From March 30 – May 6, 2009 the NASA P-3 from Wallops Flight Facility conducted the spring portion of OIB out of Thule and Kangerlussuaq, Greenland with great success. The P-3 aircraft and crew flew a total of 20 science flights over 172 flight hours, the most of any previous P-3 deployment.
Instrumentation on the P-3 included the Laser Vegetation Imaging Sensor (LVIS), Airborne Topographic Mapper (ATM), Pathfinder Airborne Radar Ice Sounder (PARIS), and the University of Kansas Snow Radar. NASA P-3 flight lines included sea and land ice with ICESat I under-flights. These instruments provided observations of land ice, sea ice and extended Arctic sea ice along coastal Greenland and a long leg transit to/from Fairbanks, Alaska, while underflying ICESat I.
In two separate measurement campaigns in May-June and in August-September, the University of Alaska Geophysical Institute’s Chris Larsen flew a single engine Otter aircraft with a laser altimeter to acquire elevation profiles and compute mass balances of the remote Stikine Glacier and glaciers surrounding Glacier Bay on the Alaskan peninsula near Juneau. Weather was favorable and the mission was completed on time. Dr. Larsen was able to complete 52.4 of the 60 flight hours allocated for these combined Alaska missions.

In Austral Spring, October 15 –November 23, 2009, the NASA DC-8 completed an unprecedented 227.4 flight hours including 21 science flights in the southern hemisphere over Antarctica from Punta Arenas, Chile. Unusually clear weather over the glacial and sea ice targets provided measurements of some locations that have never been measured before.

Cryospheric instruments onboard the NASA DC-8 included the ATM and LVIS instruments previously flown on the NASA P-3, the Multichannel Coherent Radar Depth Sounder/Imager (MCoRDS/I) ice sounder and KU band snow depth sounder from the University of Kansas, as well as an airborne gravimeter supplied by Lamont-Doherty Earth Observatory of Columbia University. Also included in the instrument mix was the Digital Mapping System (DMS) provided by John Arvesen of Cirrus Systems. This combination of instruments will provide extremely valuable data set to the earth science community. The NASA DC-8 platform has an extended range envelope that provides a substantial increase in time over the glacial and sea ice target areas when deployed for remote locations such as Punta Arenas, Chile.
[GRAPHICS: Figure 25: Operation Ice Bridge Science flight lines over Greenland and the Arctic, Mar. 30 through May 6, 2009; Figure 26: Western Greenland glacier, south of Thule Air Base; and Figure 27: NASA P-3 outside hangar 8, April 2009, Thule Greenland.]
Atmospheric Chemistry instruments were added to the DC-8 payload as piggyback flyers to try to gain some experience over the rarely measured Antarctic atmosphere. These insitu measurement instruments included AVOCET measuring CO2, Diode Laser Hygrometer (DLH), Differential Absorption CO Measurement (DACOM), measuring the trace gases CO, CH4, N2O, CO2, and H2O(v) and the University of California, Irvine Whole Air Sampler (WAS).

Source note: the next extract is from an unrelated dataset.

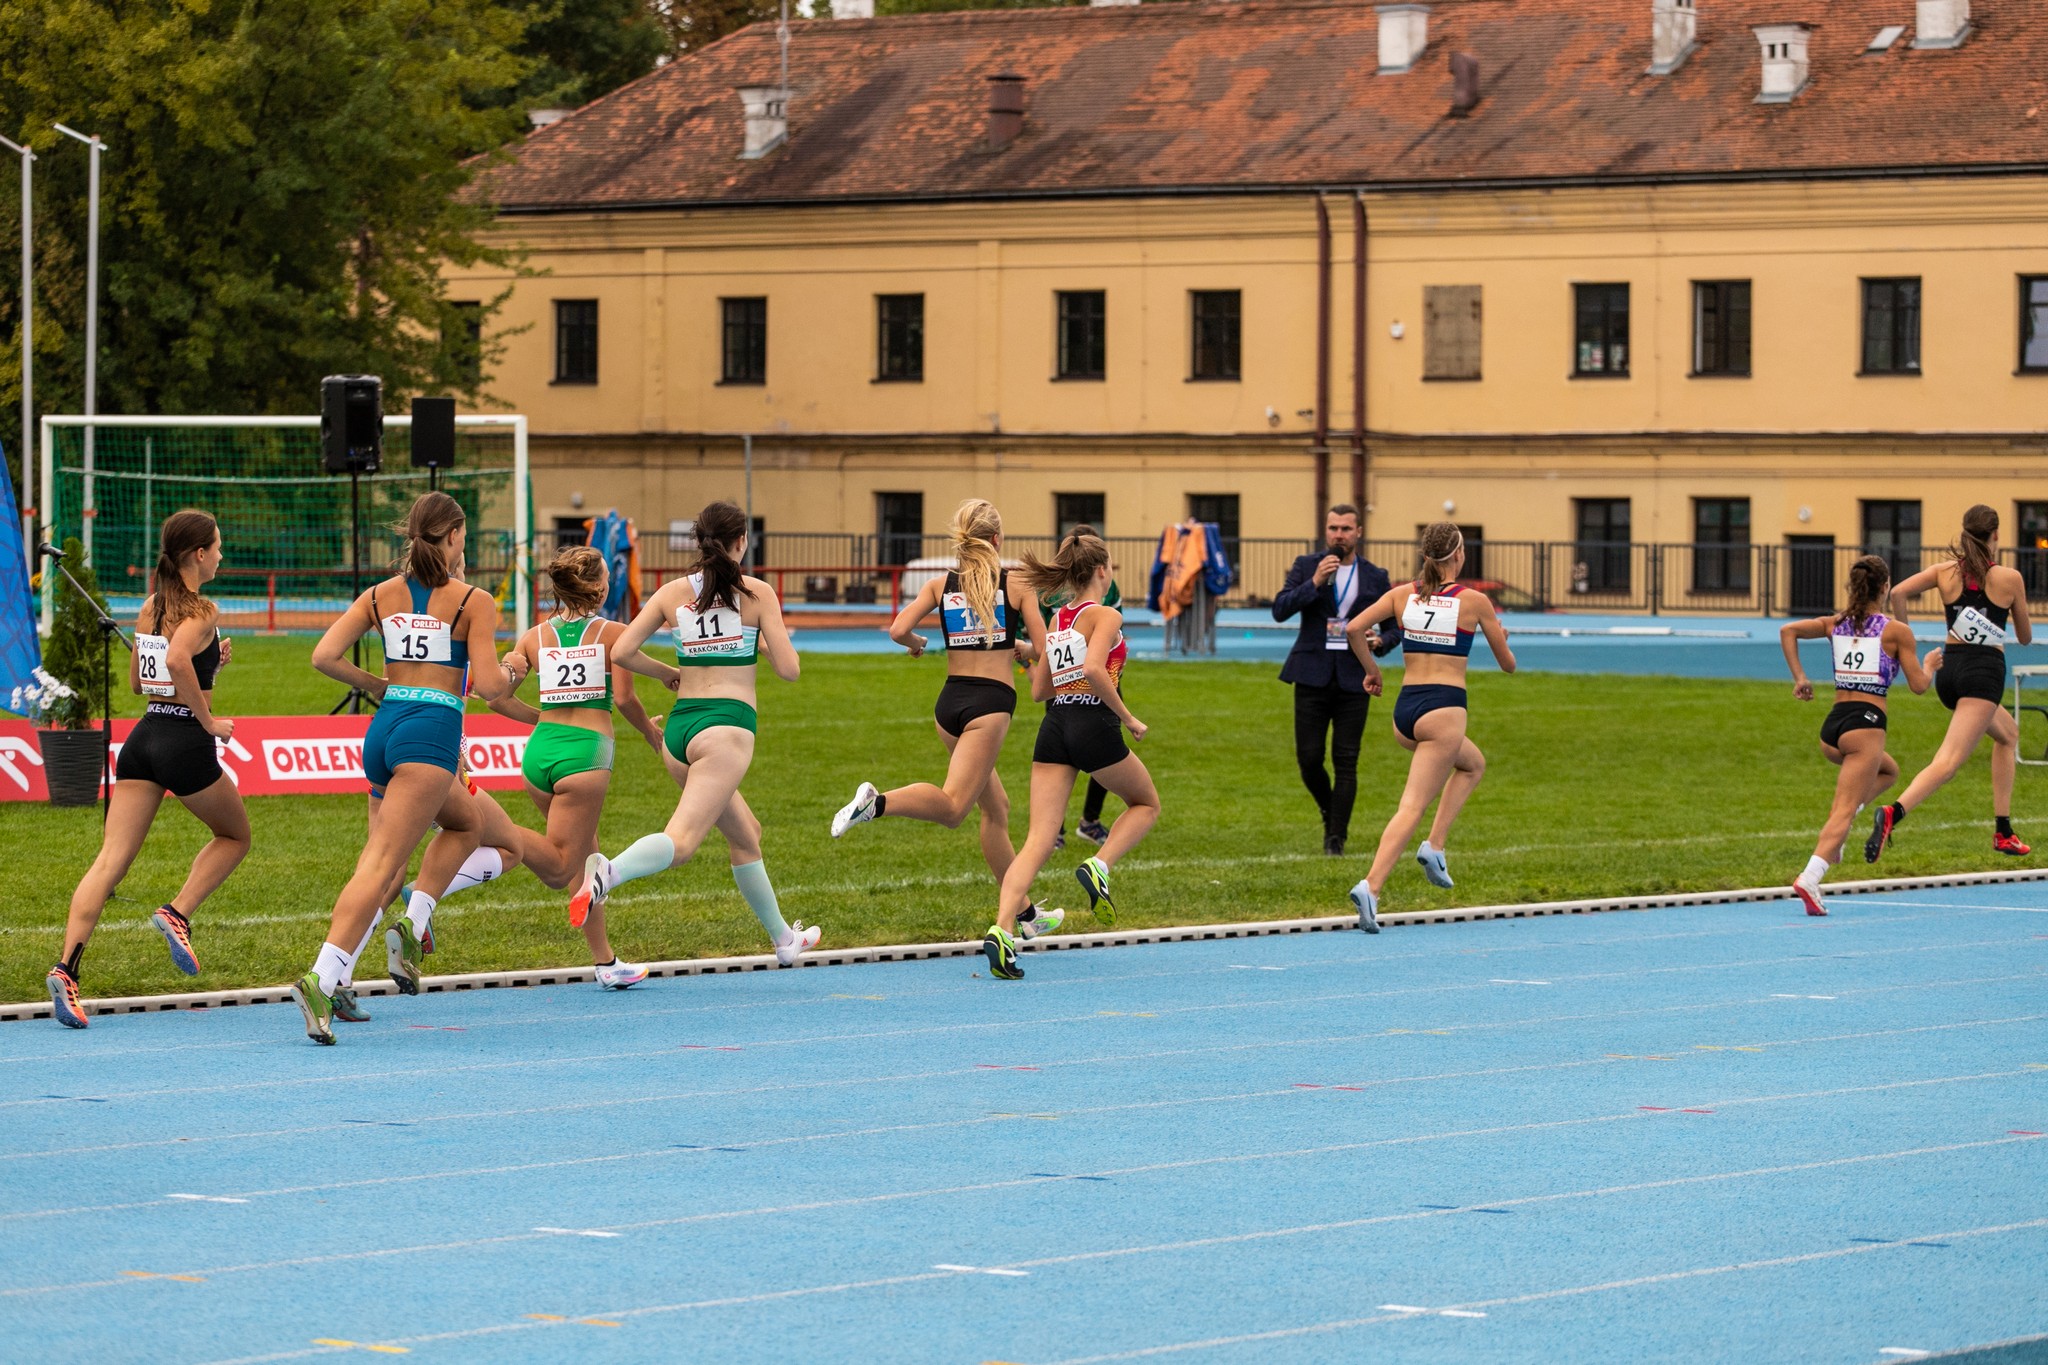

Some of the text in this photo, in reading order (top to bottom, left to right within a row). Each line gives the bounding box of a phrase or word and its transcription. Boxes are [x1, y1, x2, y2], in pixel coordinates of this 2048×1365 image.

In Austral Spring (November – December), Don Blankenship, Principle Investigator for the University of Texas, was contracted to provide science data for Antarctic glaciers that the DC-8 cannot reach from Punta Arenas with the Ken Borak, Basler BT-67 aircraft. [This was done in conjunction with an NSF/NERC science mission.] The focus work for the BT-67 is the Cook and Totten glaciers surface elevation and observation of East Antarctica. The instrumentation suite on board the BT-67 includes an Ice Penetrating Radar, Magnetometer, Laser Altimeter, and a Gravity Meter. Basic data from the instrumentation suite consists of profiles of (a) ice thickness, (b) ice-surface elevation, (c) free-air gravity and (d) magnetic field intensity. This work was done in conjunction with an NSF/NSERC science mission.